Temel Notlar 2: Marksist Literatürde Sermaye Nedir? – Davud Caner B.

Temel Notlar 2: Marksist Literatürde Sermaye Nedir? – Davud Caner B.

Das Kapital’e ismini veren sermaye neyi temsil etmektedir, sınıflı toplumlar tarihi boyunca karşımıza çıkabilecek devasa para-meta yığınlarından onu ayıran nedir, hayatımıza nasıl yön vermektedir? Bu soruları cevaplamayı ve kapitalizmin temel dinamiklerini elimizden geldiğince kısa tutarak anlatmayı hedefliyoruz.

Sermaye günlük dilimizde oldukça yer etmiş bir kelime; genel olarak büyük miktarda para, iş başlatan para gibi anlamlarda kullanılıyor. TDK sözlüğü de bize paralel cevaplar veriyor. Ancak işin bu kısmını dilbilimci dostlarımıza bırakıp asıl konumuza ve bizi ilgilendiren cevaplara dönelim.

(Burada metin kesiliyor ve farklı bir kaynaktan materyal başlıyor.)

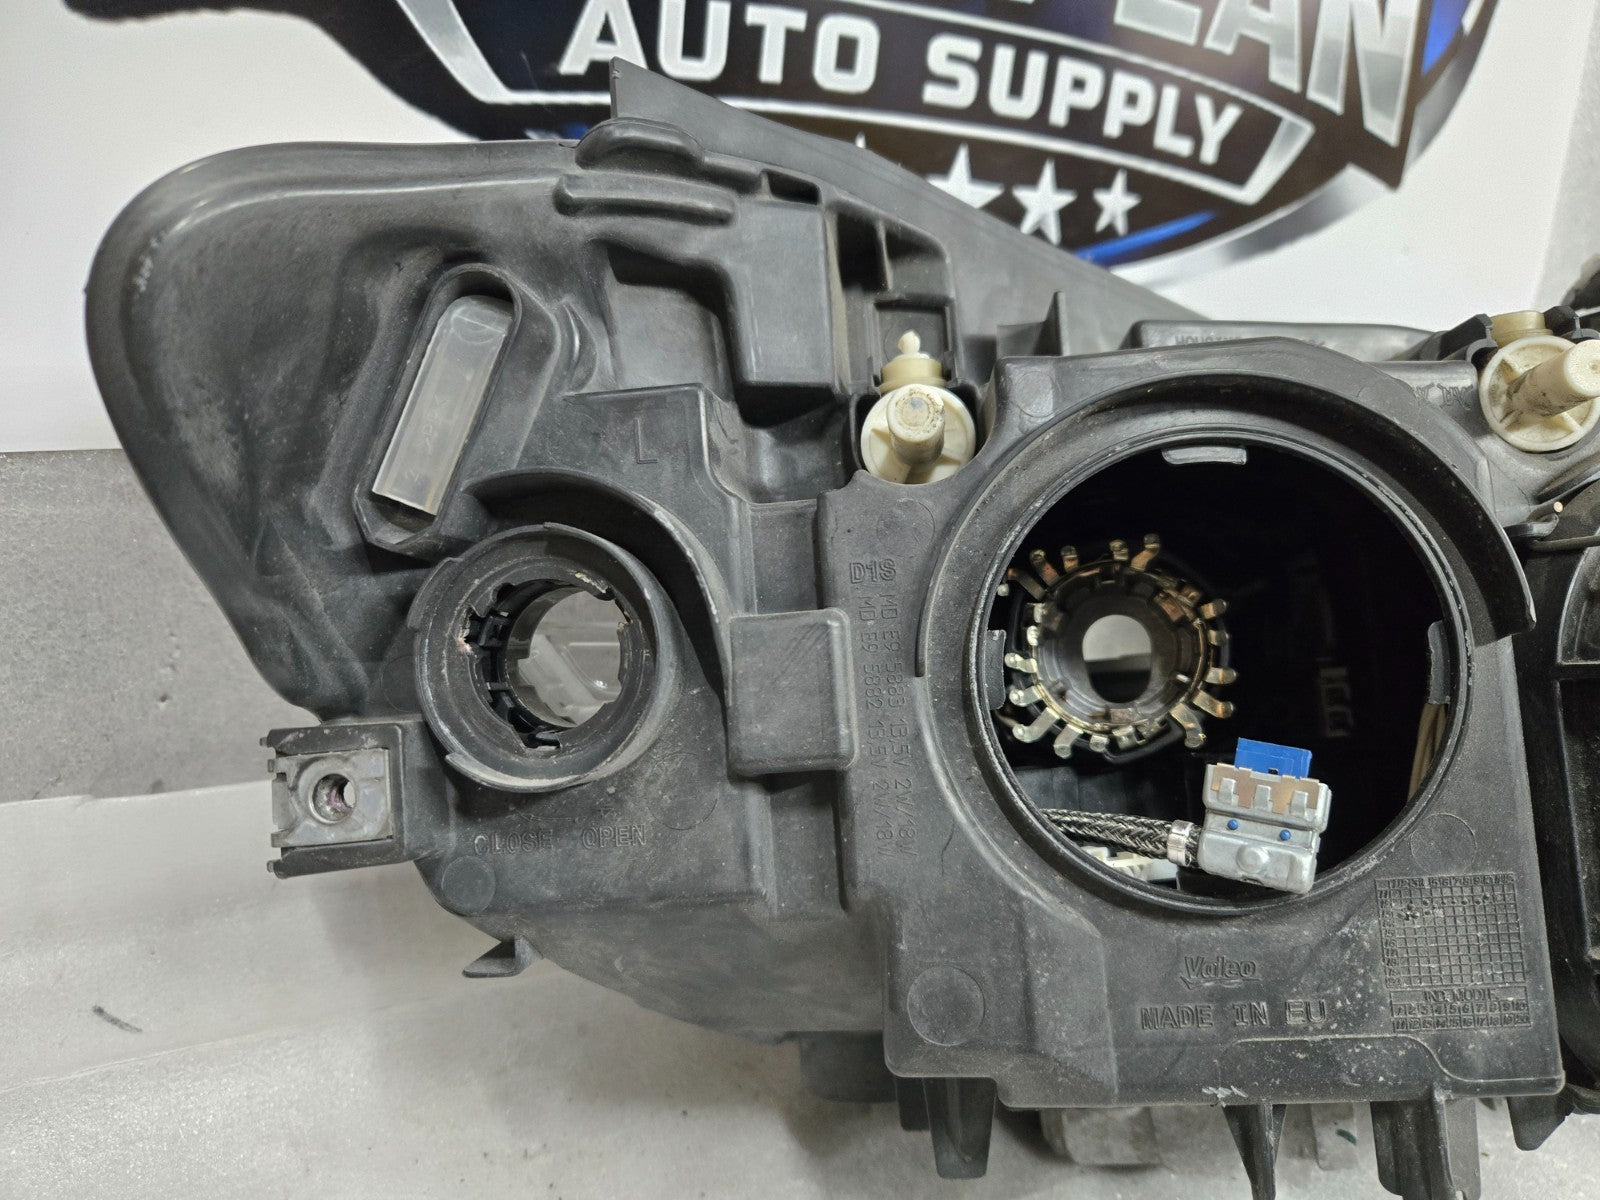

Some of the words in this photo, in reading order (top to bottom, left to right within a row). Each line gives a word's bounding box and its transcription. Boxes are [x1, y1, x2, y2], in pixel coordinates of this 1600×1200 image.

[558, 0, 880, 94] AUTO
[922, 33, 1243, 165] SUPPLY
[633, 417, 658, 464] L
[850, 558, 897, 584] D1S
[861, 631, 879, 653] E9
[883, 630, 901, 652] E9
[474, 832, 554, 856] CLOSE
[581, 824, 649, 849] OPEN
[1184, 956, 1256, 980] Valeo
[1140, 1003, 1214, 1030] MADE
[1231, 1001, 1270, 1027] IN
[1285, 999, 1327, 1025] EU

Marksist literatürde sömürünün ne anlama geldiğini anlattığımız bir önceki “Temel Notlar: Marksist Literatürde Sömürü Nedir?” yazımızda toplumsal zenginliğin nasıl ortaya çıktığını işlemiş ve emek-zaman teorisine değinmiştik. Özet olarak toplumsal zenginliğin kaynağı olarak toplumsal üretimi göstermiş ve oluşan toplumsal zenginliğin sınıflı toplumların içerisindeki paylaşımından bahsetmiştik.

Sermayenin Genel Formülü

Önceki sınıflı toplumlardaki zenginlik yığınından sermayeyi ayıran temel nokta metanın dolaşım biçimidir. Basitçe anlatmaya çalışırsak eski sınıflı toplumlarda karşımıza çıkan metanın en basit dolaşım biçimi Meta-Para-Meta’dır (M-P-M). Bu biçimi satın almak için satmak olarak tanımlayabiliriz. Bu ekonomik yaklaşımda temel amaç ağırlıklı olarak toprağa dayalı olarak üretilen metaların, ihtiyaç duyulan metaları satın almak amacıyla mübadele ilişkisine sokulmak için pazara sunulmasıdır. Örnek verecek olursak bir feodal derebeyi, zorbalığı altındaki köylülerin ürettiği ürünün bir kısmını onlara dağıtır; geriye kalan artık ürünü mübadele ilişkisine sokarak askerlerini besleyecek, şatosunu süsleyecek, şatafatını sürdürecek metaları satın almak için harcardı. Yine küçük toprak sahibi bir köylü bir sonraki hasat mevsimine kadar hayatta kalmak için kullanırken, devasa hanedan topraklarının yegâne mülk sahibi bir Sultan da düzenini ayakta tutmak için üretilen toplumsal zenginliği kullanıyordu. Bu formülasyonda metanın ortaya çıkan yönü kullanım değeriydi.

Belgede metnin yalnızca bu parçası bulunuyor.